I've noticed it making quite a few errors like the one you mention. I think
that a little bit of search (say just one or two ply) will help a lot with
avoiding this kind of mistake, because the network seems very good at
recognizing when a piece is in trouble if you show it the position.

------
sabujp
It's pretty weak right now (I'm white) defeated it in less than 30 seconds :

    
    
      [Event "Spawkfish game"]
      [Date "2016.03.03"]
      [White "YOU!"]
      [Black "Spawkfish"]
      [Result "1-0"]
    
      1. e4 e5 2. Nf3 Nc6 3. Bc4 Nf6 4. Nc3 Nxe4
      5. Bxf7+ Kxf7 6. Nxe4 d5 7. Neg5+ Kg8
      8. d4 exd4 9. Nxd4 Nxd4 10. Qxd4 Qe7+
      11. Be3 h6 12. Qxd5+ Qf7 13. Qxf7# 1-0
    
    

My 1 min rating on licchess is ~1550 <-> 1700, but I can sometimes defeat any
players rated 1.8k - 2k at 1 min blitz.

------
adamt
That was really impressive.

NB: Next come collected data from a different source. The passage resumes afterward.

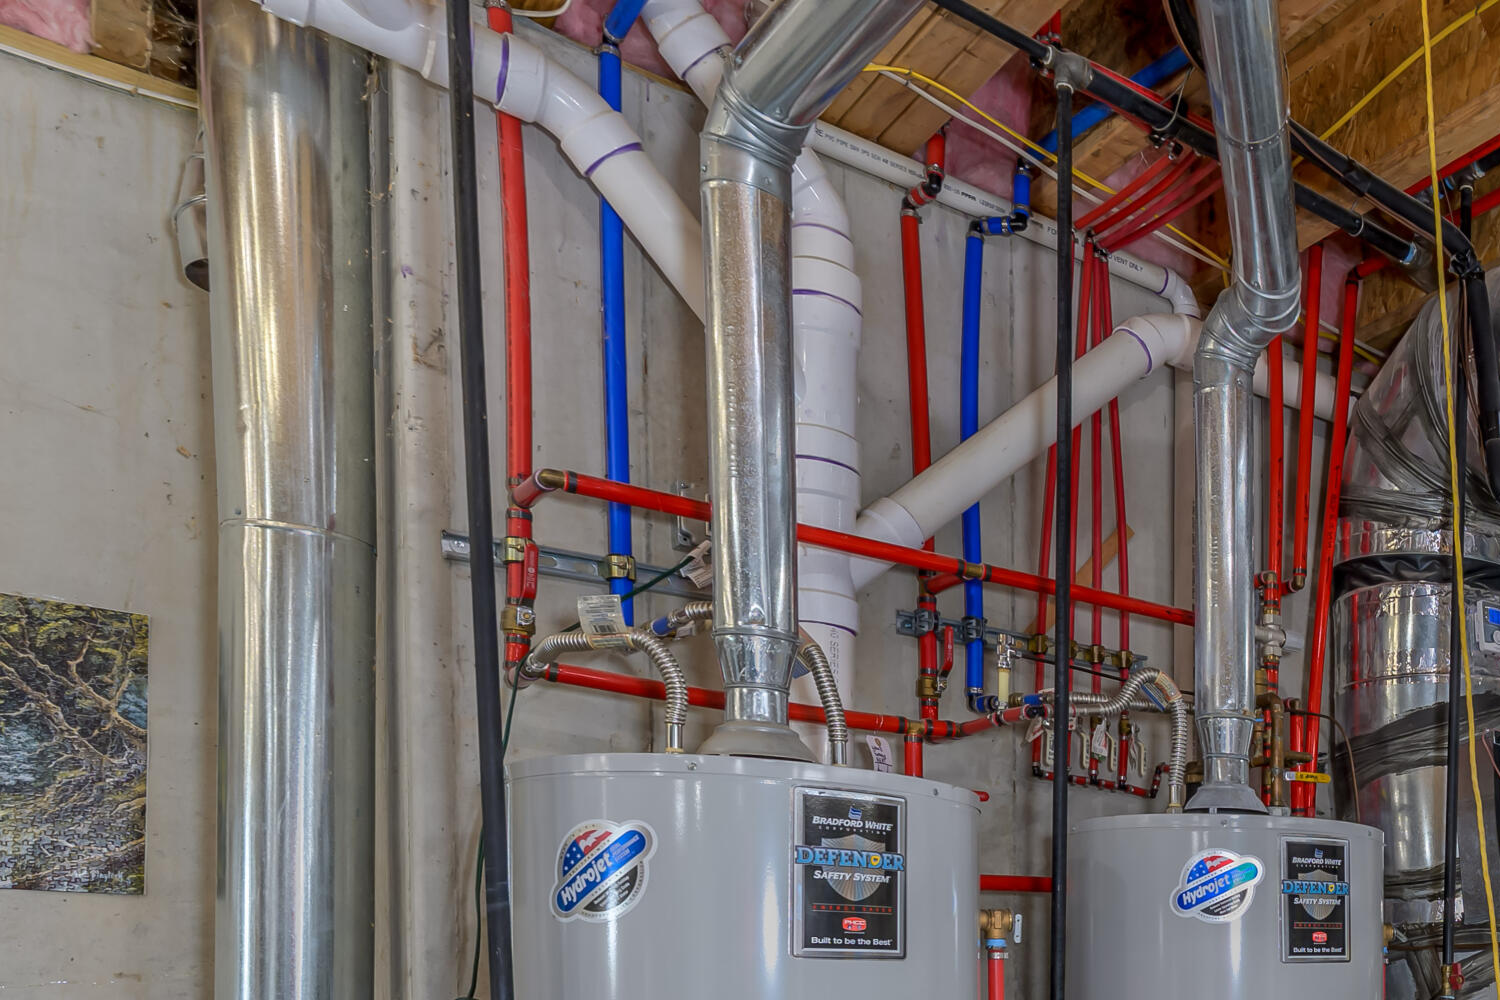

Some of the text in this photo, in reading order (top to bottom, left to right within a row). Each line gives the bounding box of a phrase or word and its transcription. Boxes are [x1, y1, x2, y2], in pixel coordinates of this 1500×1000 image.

[1113, 254, 1144, 272] VENT ONLY
[812, 816, 893, 831] BRADFORD WHITE
[795, 845, 904, 871] DEFENDER
[1292, 856, 1342, 866] BRADFORD WHITE
[561, 852, 613, 906] Hydrojet
[813, 870, 891, 883] SAFETY SYSTEM
[1182, 873, 1231, 906] Hydrojet
[1282, 880, 1349, 895] DEFENDER
[1294, 897, 1317, 905] SAFETY
[811, 936, 892, 946] Built to be the Best

Other than playing very accurately, I felt it
played far more human-like than most computer chess engines.

I've written several chess engines, and have often wondered for some time
whether or not there was a chance for a more AI/pattern-driven approach.

Are you using your AI just for evaluation? E.g. do you have a traditional
PVS/negascout (or similar) search? Presumably an 'extreme Type C' (no search)
would fail to recognise various draws (50 move/repetition)?

Good work :-)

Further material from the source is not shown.